Now that nourishment had been inserted into the mouths of the always dead who lived and corrupted the earth and died and lived and corrupted the earth. The nourishment of their own design and need. The chocolate.
Erthmun's mother couldn't believe the story that she had never told. The story of her son and her other children and her husband—God rest his soul (wherever God was keeping it). She couldn't believe she had never told that story, and couldn't believe, either, that it had happened, although she knew only too well that it had happened. Erthmun himself had been produced because of it, and Erthmun was undeniable.
She didn't like looking at herself in mirrors and hating what she saw—a woman on the verge of disintegration. She hated her poetry, too—it was so self-indulgent now, so full of the angst of the aged and the depressed trying hard to avoid cynicism.

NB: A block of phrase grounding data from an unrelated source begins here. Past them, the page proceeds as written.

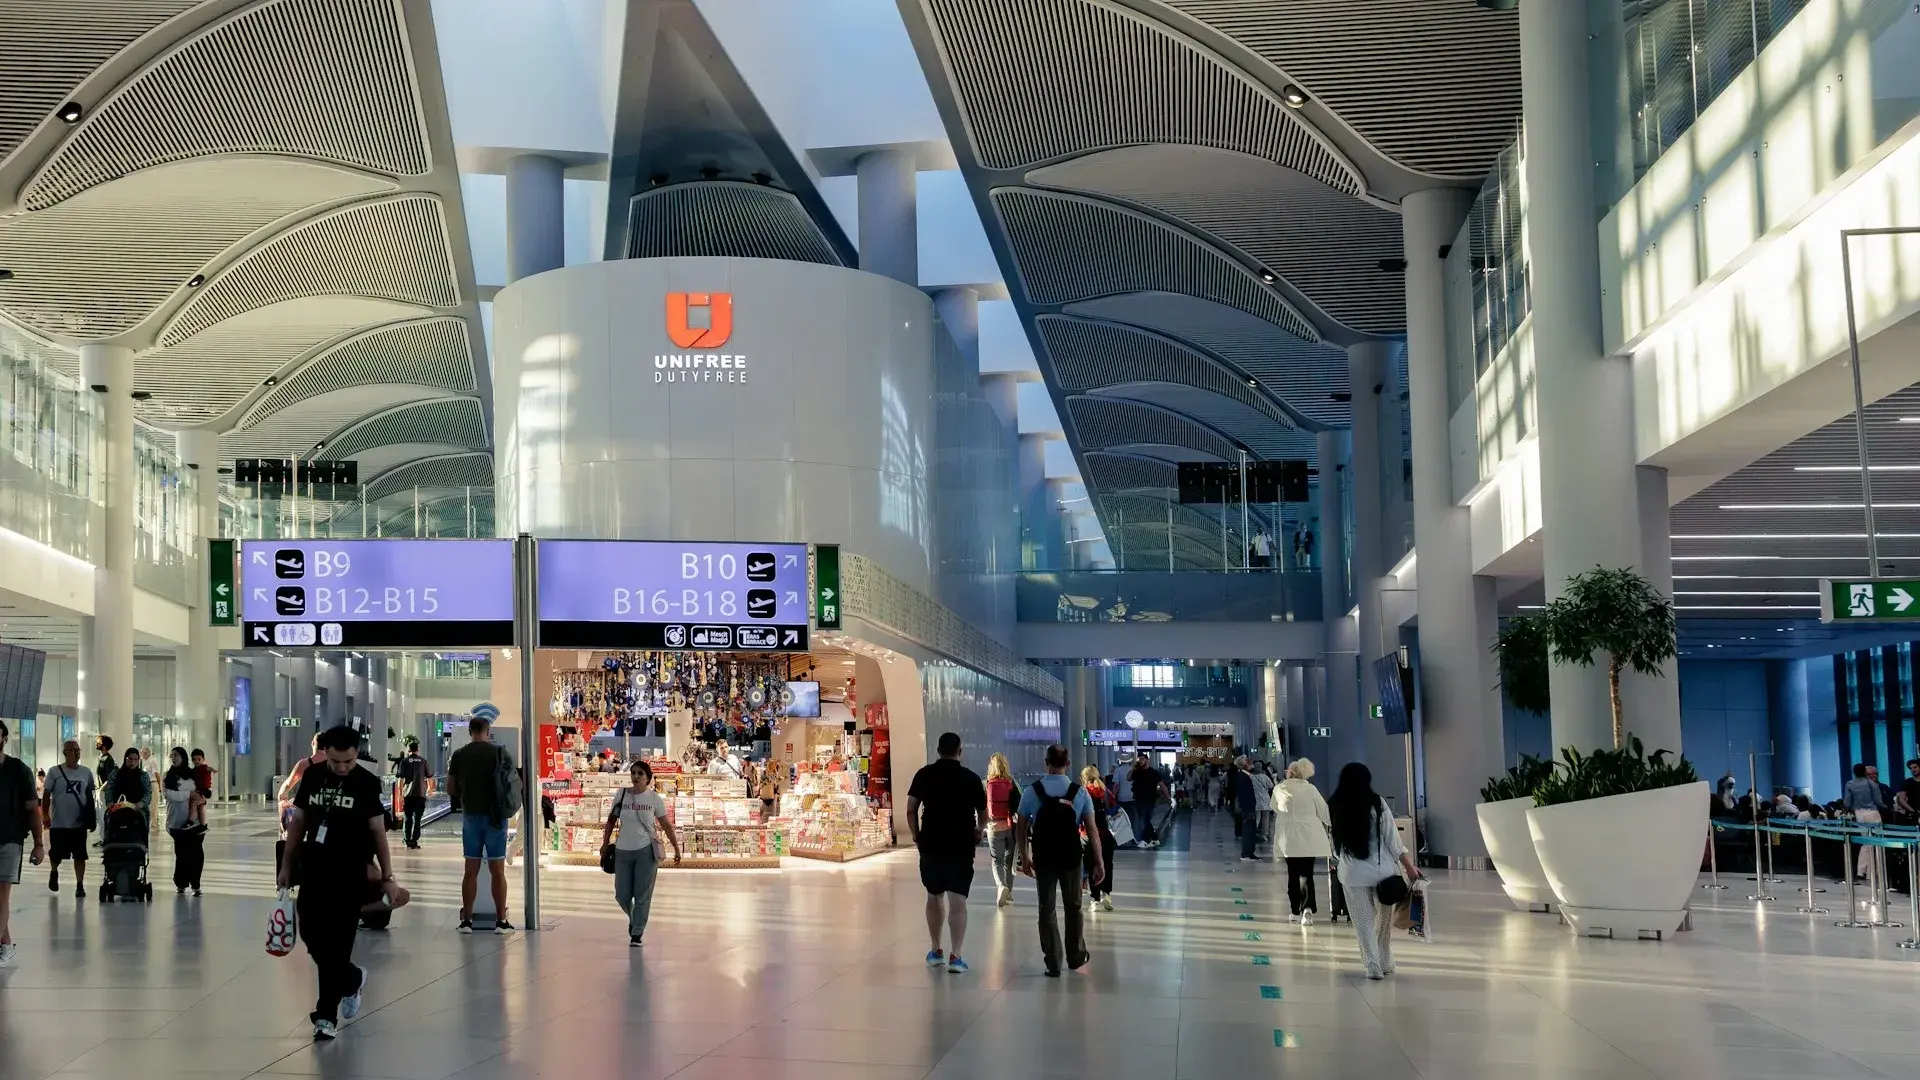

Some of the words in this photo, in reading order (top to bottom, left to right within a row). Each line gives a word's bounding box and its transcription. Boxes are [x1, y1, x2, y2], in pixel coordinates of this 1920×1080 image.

[654, 354, 746, 368] UNIFREE
[654, 371, 747, 383] DUTYFREE
[313, 551, 351, 578] B9
[681, 552, 737, 580] B10
[315, 587, 439, 614] B12-B15
[614, 588, 737, 616] B16-B18
[710, 636, 728, 644] Masjid
[1102, 731, 1127, 739] B16-B18
[1156, 731, 1168, 739] B10
[1183, 746, 1228, 758] B16-B17

But it was wonderful knowing so much more about the universe than anyone else. It gave her a feeling that she harbored a secret she would never share becau
se only she could understand it, because only she could understand her son and the others like him, who were so unlike him. It was like harboring the secret of creation itself, and it made her feel all knowing and all-powerful (because she was all knowing), even in the midst of disintegration.
Chapter Four
When Detective Vetris Gambol awoke, he found, and not for the first time, that his cat was sitting on his chest, kneading and purring with great pleasure. The cat's name was Villain and he was very large and usually quite unfriendly and standoffish, except when Vetris Gambol slept. At other times, it was all Vetris could do to get even a glimpse of him. Vetris fed him by putting a small plate of canned cat food on the kitchen floor and leaving the room. If Vetris tried to look in on Villain surreptitiously, Villain almost always seemed to know and ran off.

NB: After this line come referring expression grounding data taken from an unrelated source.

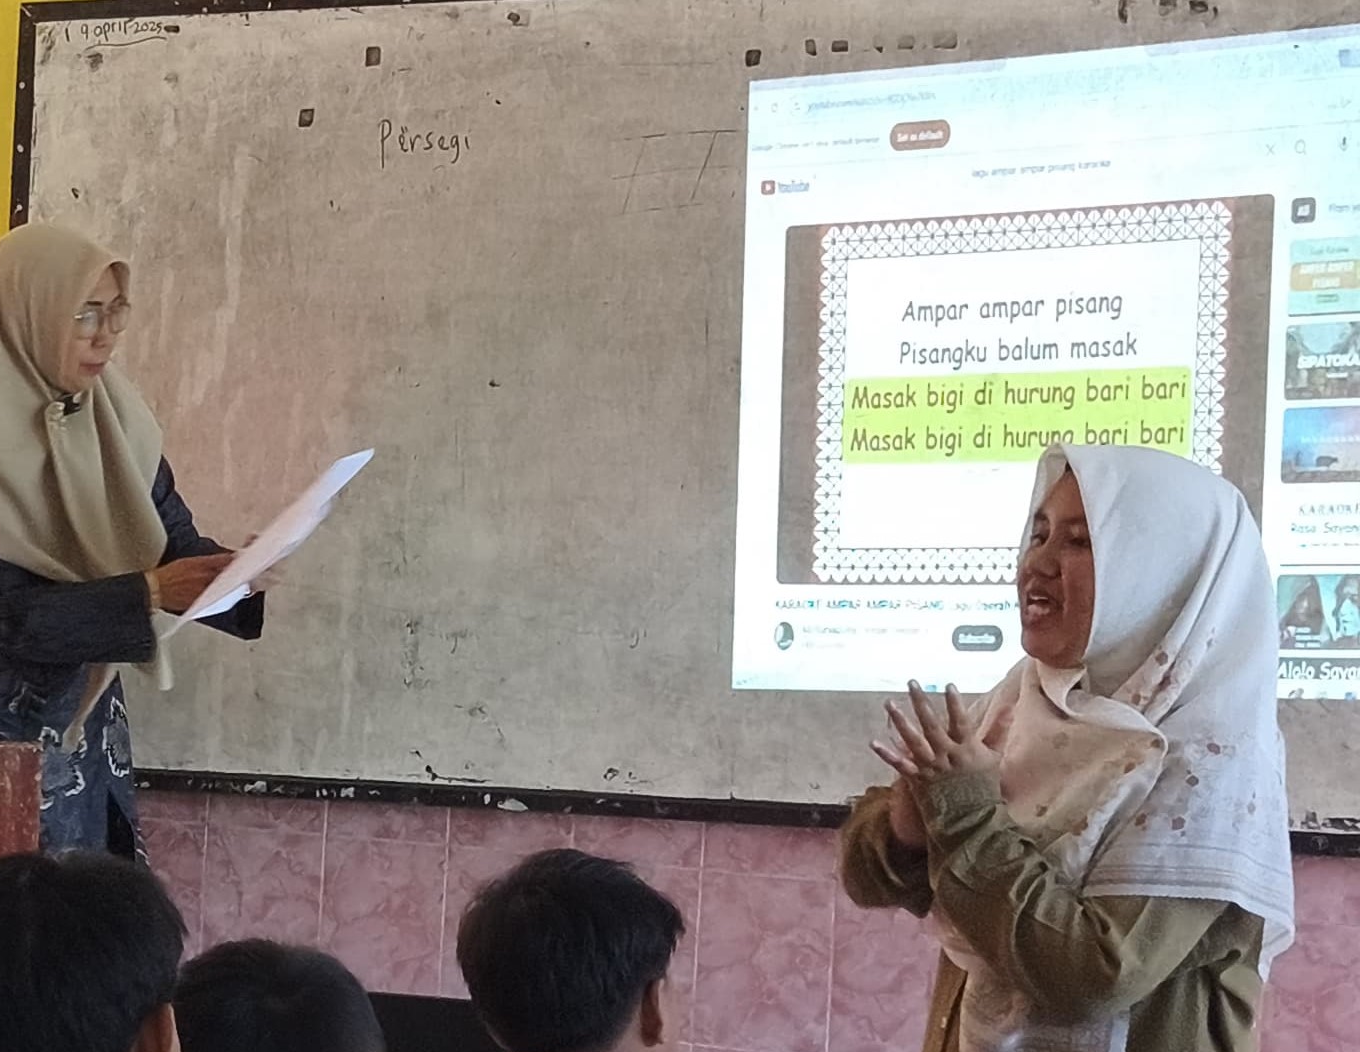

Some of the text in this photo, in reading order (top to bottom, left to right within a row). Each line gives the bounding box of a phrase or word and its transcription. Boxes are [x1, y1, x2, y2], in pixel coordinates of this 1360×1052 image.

[902, 293, 1122, 327] Ampar ampar pisang
[900, 332, 1138, 371] Pisangku balum masak
[851, 375, 1186, 413] Masak bigi di hurung bari bari
[850, 427, 916, 451] Masak
[926, 425, 963, 456] bigi
[973, 424, 992, 448] di
[1085, 421, 1128, 445] bari
[1140, 419, 1185, 444] bari

Vetris had never been able to determine if the cat hated him, was afraid of him, or was simply, and painfully, shy. He thought it was very strange that the cat slept on his chest while he—Vetris—slept, although, at all other times, Vetris couldn't even get near him. Was it, Vetris wondered, because Villain sensed something warm and cozy about him—beneath his gruff exterior—but could only gain access to this warm coziness while he was asleep? Or was it because Vetris was simply immobilized during sleep, and therefore not a threat? Or was it something even deeper, something almost unknowable? Something that existed deep within the noble and nasty and predatory mind of the cat. (Perhaps, Vetris thought with some alarm, Villain was merely waiting for the moment, while Vetris slept, that Vetris's shallow breathing stopped at last and Villain could easily make several tasty meals of him.)